I was at the range with an FAL.
One of the target shooters there saw me blasting away and, jokingly, said that in combat I'd need to hit more often.
I, in jest, replied, "it's surpressing [sic] fire!"
This led to a little challenge.
His scoped bolt gun, vs my FAL. We set up some milk jugs full of water at the 100 yard line. We start with rifles down, unloaded, and first one to hit a jug wins.
Fine.
"GO!" and we lunge for our rifles.
The target shooter sits down at the bench and starts thumbing rounds into his magazine. I grab the FAL and shove the loaded magazine into the well.
We actually start aiming at the same time.
I start banging out rounds, missing around the gallon container and getting a little frustrated. Finally after about ten shots my jug explodes.
HA!
About a second later I'm surprised to hear him fire his first round.
He's very surprised to find that I'm finished and have hit the jug already.
It was illustrative of a couple things.
We were both so focused we'd lost track of that the other guy was doing. He thought the lull in my shooting was me running out of ammo and pausing to reload. He admitted that the sound of my shooting was affecting his aim and adding pressure.
We chatted a bit about the lesson we should learn from this and never really came to a conclusion.

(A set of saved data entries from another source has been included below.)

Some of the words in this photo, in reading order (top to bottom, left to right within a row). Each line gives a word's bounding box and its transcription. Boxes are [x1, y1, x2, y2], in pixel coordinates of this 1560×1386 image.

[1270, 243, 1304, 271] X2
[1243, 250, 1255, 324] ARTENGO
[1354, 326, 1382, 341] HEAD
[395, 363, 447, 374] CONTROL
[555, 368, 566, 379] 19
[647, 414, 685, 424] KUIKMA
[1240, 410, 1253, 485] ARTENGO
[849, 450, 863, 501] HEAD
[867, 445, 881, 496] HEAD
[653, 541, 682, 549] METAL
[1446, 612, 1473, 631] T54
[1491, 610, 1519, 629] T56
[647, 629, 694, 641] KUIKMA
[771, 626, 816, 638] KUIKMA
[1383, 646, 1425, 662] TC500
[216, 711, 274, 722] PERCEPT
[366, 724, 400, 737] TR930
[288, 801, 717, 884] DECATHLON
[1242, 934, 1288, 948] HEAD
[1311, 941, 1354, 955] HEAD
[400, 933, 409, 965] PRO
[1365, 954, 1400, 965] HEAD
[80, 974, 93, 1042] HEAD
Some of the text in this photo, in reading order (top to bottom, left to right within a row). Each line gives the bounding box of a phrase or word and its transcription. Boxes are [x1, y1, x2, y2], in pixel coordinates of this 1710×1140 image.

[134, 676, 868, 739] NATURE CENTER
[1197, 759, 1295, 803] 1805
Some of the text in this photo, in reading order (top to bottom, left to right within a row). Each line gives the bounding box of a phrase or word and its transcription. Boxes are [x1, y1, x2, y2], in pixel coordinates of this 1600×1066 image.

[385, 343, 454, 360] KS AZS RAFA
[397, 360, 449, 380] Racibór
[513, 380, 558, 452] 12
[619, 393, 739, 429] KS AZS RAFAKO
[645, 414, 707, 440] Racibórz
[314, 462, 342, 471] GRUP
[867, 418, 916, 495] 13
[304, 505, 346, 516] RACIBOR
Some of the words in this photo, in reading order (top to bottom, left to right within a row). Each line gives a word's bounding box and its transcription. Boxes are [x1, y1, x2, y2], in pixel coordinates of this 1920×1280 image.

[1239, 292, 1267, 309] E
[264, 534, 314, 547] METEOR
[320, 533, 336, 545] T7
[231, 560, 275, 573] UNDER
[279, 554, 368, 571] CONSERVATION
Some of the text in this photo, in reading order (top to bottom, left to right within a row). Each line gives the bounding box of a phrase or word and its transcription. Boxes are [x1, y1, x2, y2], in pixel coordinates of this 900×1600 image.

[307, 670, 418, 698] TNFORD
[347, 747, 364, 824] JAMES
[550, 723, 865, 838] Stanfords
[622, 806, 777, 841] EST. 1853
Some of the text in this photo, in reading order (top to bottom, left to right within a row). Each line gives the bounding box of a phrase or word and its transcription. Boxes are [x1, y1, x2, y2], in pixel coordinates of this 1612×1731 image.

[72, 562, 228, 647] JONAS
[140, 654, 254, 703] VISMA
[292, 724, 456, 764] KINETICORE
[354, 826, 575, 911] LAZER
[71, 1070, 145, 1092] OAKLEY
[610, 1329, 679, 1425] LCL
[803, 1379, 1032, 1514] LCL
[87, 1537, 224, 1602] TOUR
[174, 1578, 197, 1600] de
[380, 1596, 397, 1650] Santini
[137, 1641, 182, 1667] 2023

"You can't miss fast enough to win" vs. "Quantity has a quality all it's own"; Round 1 of X goes to Accuracy By Volume.
ReplyDeleteIt's certainly not great for sustained fighting ability, but it can be mighty effective in a race to score the first hit. If the sound of shooting was making it hard to aim standing next to you, just imagine how much harder being on the business end would make it!